Итак, как мы можем объять необъятное – разложить по полочкам все детали дифференцированного, качественно меняющегося процесса? Единственный ответ заключается в том, что в основе бессознательного лежит не какой-то мозговой переключатель внутри или между ключевыми областями мозга, а некий процесс, который еще не был достоверно выявлен с точки зрения нейроанатомии, который, возможно, даже не укладывается в рамки критерия «все или ничего».
Когда я только начинала изучать нейронауку, обычной практикой было пытаться объяснить мозговые процессы, рисуя схемы, в которых участки мозга изображаются в виде аккуратных прямоугольников со стрелками между ними, с символами «+» или «-», обозначающими простое возбуждение или торможение. Однако мы только что видели, что нейронным связям свойственны эффекты модуляции: любое торможение или возбуждение между группами клеток или внутри них будет зависеть от их текущего состояния в каждый момент времени. Это означает, что нам надо искать какой-то дополнительный вид механизма, который может функционировать на уровне, превышающем уровень одиночных нейронов. Как мы уже знаем, они не функционируют как автономные единицы. Более того, каким бы ни был этот новый механизм, прежде всего он должен быть пластичным, непрерывно меняющимся от одного момента к другому.
Нейронные ансамбли
Еще в 1949 году канадский психолог Дональд Хебб представил революционную идею о том, что нейроны могут адаптироваться к пережитым событиям – в некотором смысле учиться. Хебб показал, что нейроны, находящиеся в непосредственной близости друг к другу, имеют тенденцию к синхронизации, то есть их активность согласована: находясь в этом состоянии, они образуют единую функциональную сеть, операции которой могут выходить далеко за пределы триггерной зоны. Далее ученый предположил, что если действительно возникает такая коллективная активность, тогда эти нейронные сети могли бы провоцировать гораздо более длительные изменения в синапсах, что, в свою очередь, привело бы к длительной, укрепленной связи между клетками головного мозга внутри этой сети. Почему же эта идея считается таким прорывом?
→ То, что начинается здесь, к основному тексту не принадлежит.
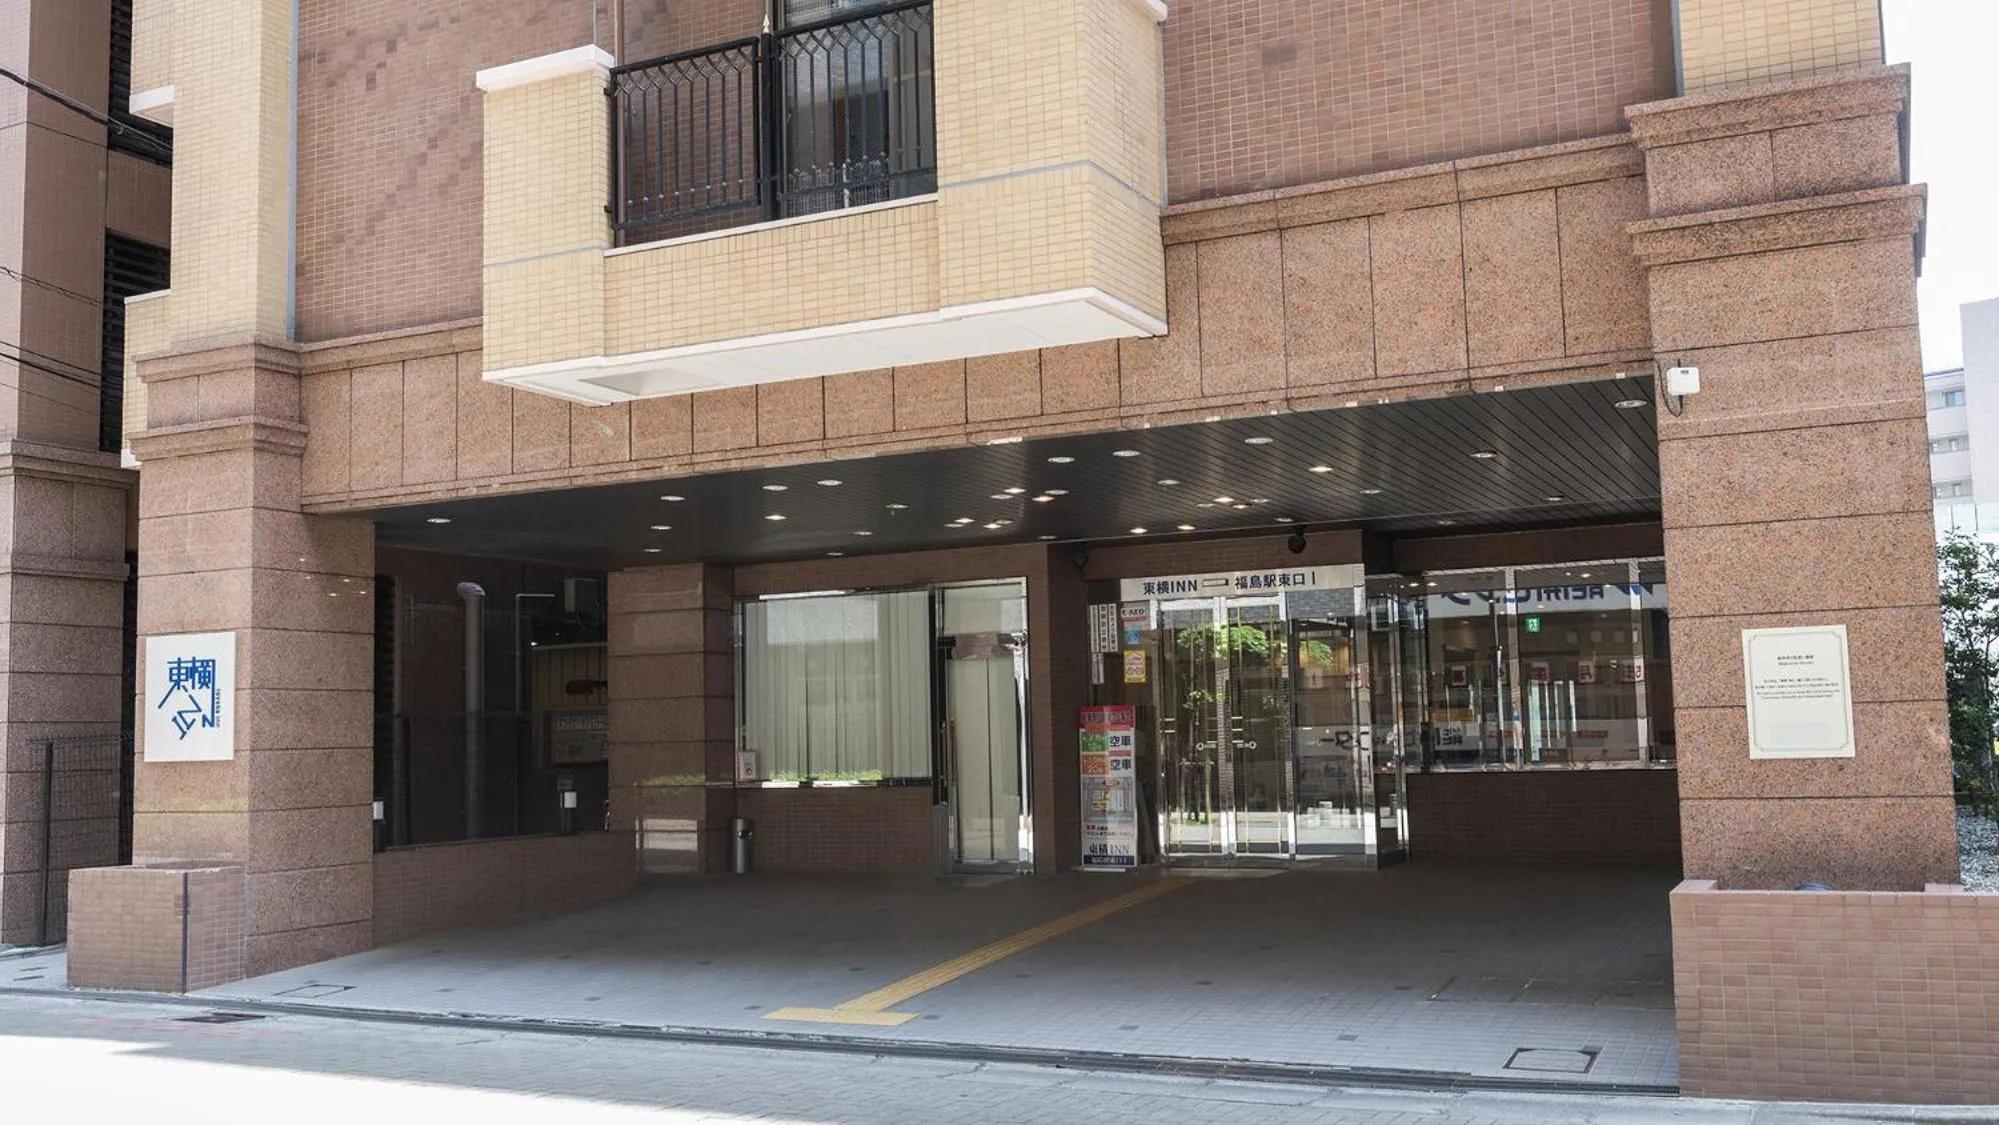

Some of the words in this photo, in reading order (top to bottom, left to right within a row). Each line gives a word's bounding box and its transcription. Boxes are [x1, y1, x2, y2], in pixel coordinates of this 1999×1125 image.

[1142, 579, 1198, 595] 東横INN
[1109, 735, 1131, 747] 空車
[1110, 759, 1132, 771] 空車
Провидческая теория впервые объяснила, как мозг может адаптироваться к входным сигналам и, следовательно, к окружающей среде, – феномен, который был назван пластичностью (от греческого plastikos – пригодный для лепки).
[74] Пластичность теперь признана ключевым свойством мозга, хотя у разных видов животных она проявляется в неравной степени. У таких примитивных, как, скажем, золотая рыбка, поведение все же наиболее тесно связано с генами. У ее мозга не так много нейронных связей, поэтому окружающая среда будет иметь меньшее влияние, чем у более высокоорганизованных животных, для которых индивидуальный опыт в буквальном смысле может оставить отпечаток в мозге.
Среди представителей царства животных мы, люди, обладаем наиболее развитой способностью к адаптации, поэтому занимаем больше экологических ниш, чем любой другой вид на планете, – мы можем жить и процветать в самых разных уголках земного шара, от джунглей до Арктики. Феноменальная пластичность нейронных связей человеческого мозга также означает наибольший потенциал среди всех видов, чтобы каждый из нас мог стать поистине уникальной личностью благодаря индивидуальному опыту – благодаря адаптируемым синапсам Хебба.